Feel free to Share your approach, If it differs. Suggestions are always welcomed. :slight_smile:

6 Likes

This was an amazing question. Loved the editorial as well. But there was one thing that I could not understand. Why are we going in reverse as well.

After calculating
dp[x][y] = dp[x-1][y] + abs(freq(x)-y);
Why are we going in reverse and calculating
dp[x][y] = min(dp[x][y],dp[x][y+1]);

And one more thing. I am trying your method but unable to pass the last test case. Since I am passing other test cases easily, it is evident that implementation is correct and there is some conceptual problem.

Please have a look here and help me thanks.
Link to submission

DP[x][y] exactly needs freq(x) to be y,
but it can have more than y (x-1)-straights (atleast y).

dp[x][y] = min(dp[x][y],dp[x][y+1]);

Reverse and calculating is done ,so that for state x+1 we get optimal answer

1 Like

Yes, I get the second part that it is to optimize for next state but doesn’t that violate what our dp store?

dp[x][y] = dp[x-1][y] + abs(freq(x)-y)

We are confident about our equation because we know that dp[x][y] stores the minimum operation to be performed to get to y straights of 1-x but lets say
Our array was this
1 1 1 2 2
then dp[1][3] = 0 but dp[1][2] = 1 and dp[1][1] = 2
But that will consider dp[2][1], then answer which should be 3 will become 1

dp[x][y] stores cost for exactly y x-straights but that does not
mean that there are no other straights .
It can have any number of (x-1) ,(x-2) . . straights.

In your example dp[2][1] is 1 only because here there are 3 straights :
1-straight , 1-straight , 2 -straight .
So have to remove extra 2 hence cost is 1.

One approach that i thought is that you make a vector of N sets, then iterate over the sets from 0 when an element is provided and insert into the one which doesn’t have this element. Then start from set 0 until the size of current set is 0, then for each set, we iterate over all the elements from start. At every element x, we store the cost of building the array from 1 to x and deleting the elements after that. We find the optimal point among all such values for that set.
The complexity will be NlogN(cz of set insertions).
Can someone tell me the flaw in this logic?

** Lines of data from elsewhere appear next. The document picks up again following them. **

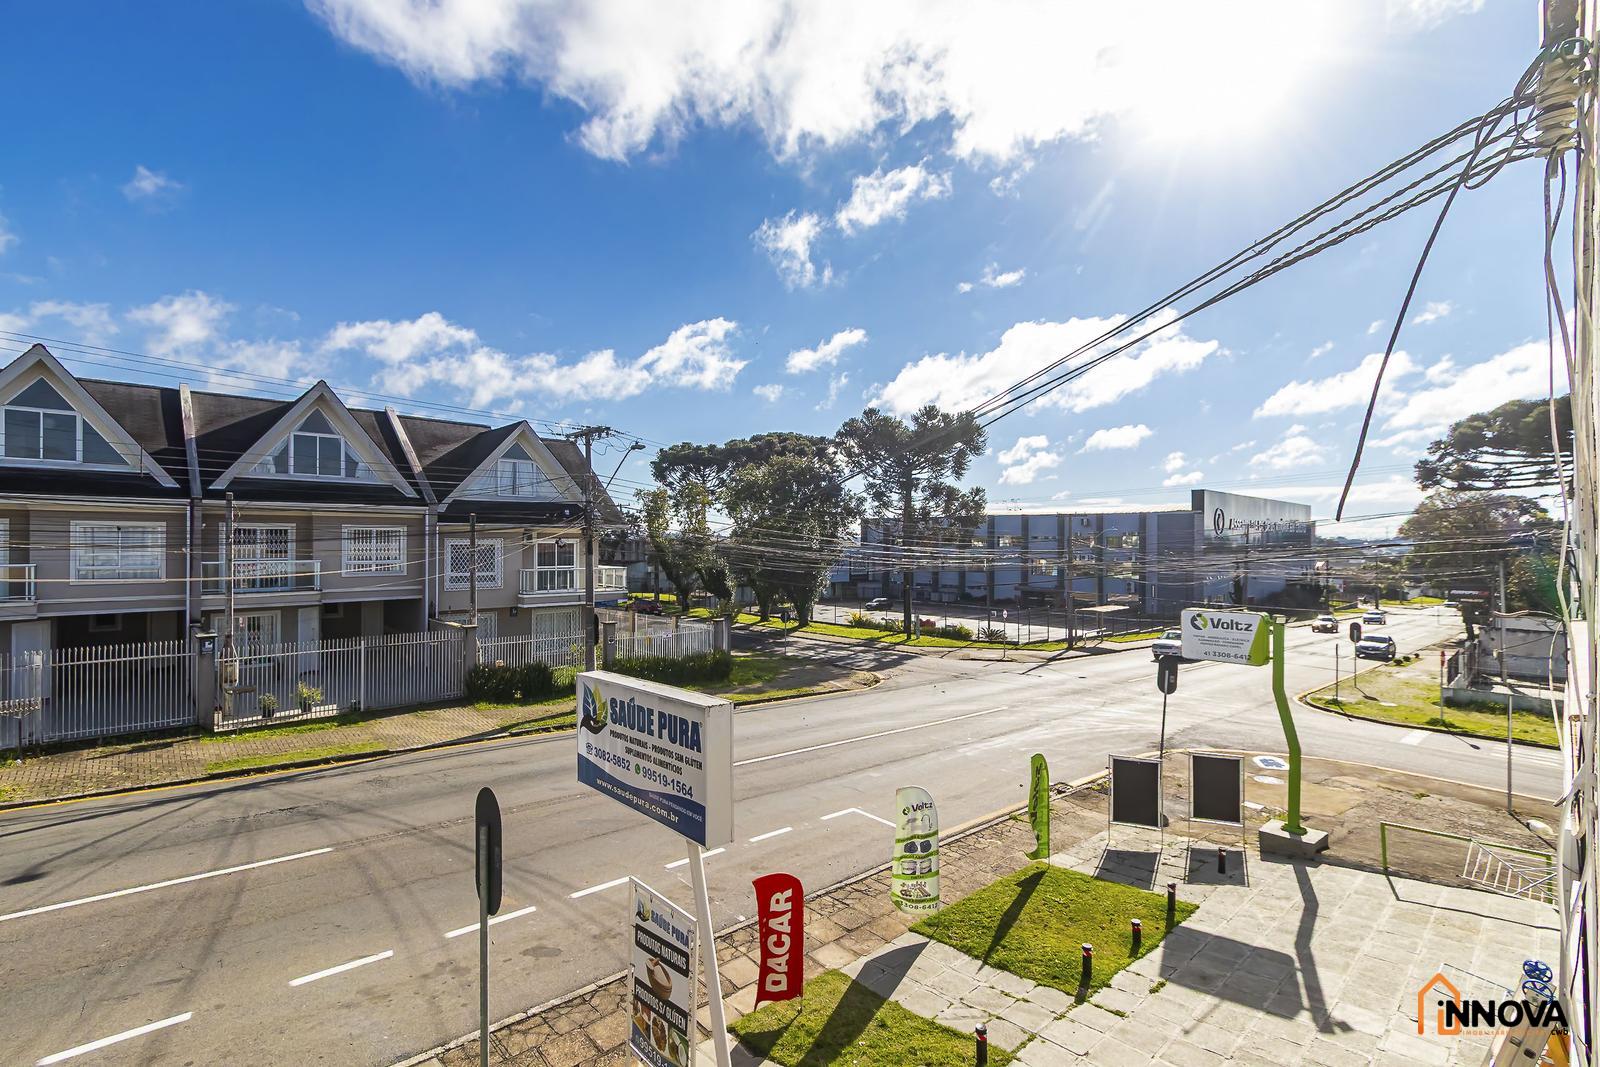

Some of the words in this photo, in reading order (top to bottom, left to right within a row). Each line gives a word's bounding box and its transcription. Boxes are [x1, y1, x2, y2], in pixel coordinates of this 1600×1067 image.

[1209, 617, 1253, 632] Voltz
[1212, 650, 1253, 661] 3308-6412
[609, 695, 655, 737] SAÚDE
[657, 710, 702, 754] PURA
[609, 729, 629, 743] PRODUTOS
[629, 735, 649, 750] NATURAIS
[651, 743, 674, 760] PRODUTOS
[674, 751, 685, 764] SEM
[684, 755, 703, 771] GLÚTEN
[624, 746, 652, 764] SUPLEMENTOS
[652, 756, 683, 776] ALIMENTÍCIOS
[593, 745, 631, 772] 3082-5852
[641, 766, 694, 798] 99519-1564
[596, 778, 680, 823] www.saudepura.com.br
[911, 801, 933, 812] Voltz
[636, 930, 661, 955] PRODUTOS
[661, 944, 687, 970] NATURAIS
[650, 910, 671, 935] SAÚDE
[671, 924, 689, 949] PURA
[765, 888, 793, 992] DACAR
[635, 983, 659, 1011] PRODUTOS
[666, 1006, 687, 1031] GLÚTEN

But dp[2][1] means making 1 sequence of 1-2 (2 straights)?
Wouldn’t that be 3?

Why should answer be 3?

Considering elements up to 2, we have dp[2][1] = min(dp[1][i]) for i \geq 1 + abs(f[2]-1) which is 0 plus 1 = 1 which is correct, since we have to delete one occurrence of 2.

considering
dp[2][1] = min(dp[1][i]) + abs(freq(2)-1)
So in sequence
1 1 1 2 2
dp[1][1] = 2
dp[1][2] = 1
dp[1][3] = 0
so we are saying dp[2][1] = 0 + 1 = 1
But My Question is Can we convert the given sequence to 1 2’s straight in 1 operation?
it is a wrong answer for dp[2][1]. Minimum step we need to convert sequence to 1 2’s straight is 3. But it is storing answer for 2 2’s straight
There I am confused. This is making our dp[x][y] not standing for what we assumed it to be that is to be the minimum number of operations to convert our sequence y of x-straights

PS: I am not questioning the editorial, just clearing my doubt.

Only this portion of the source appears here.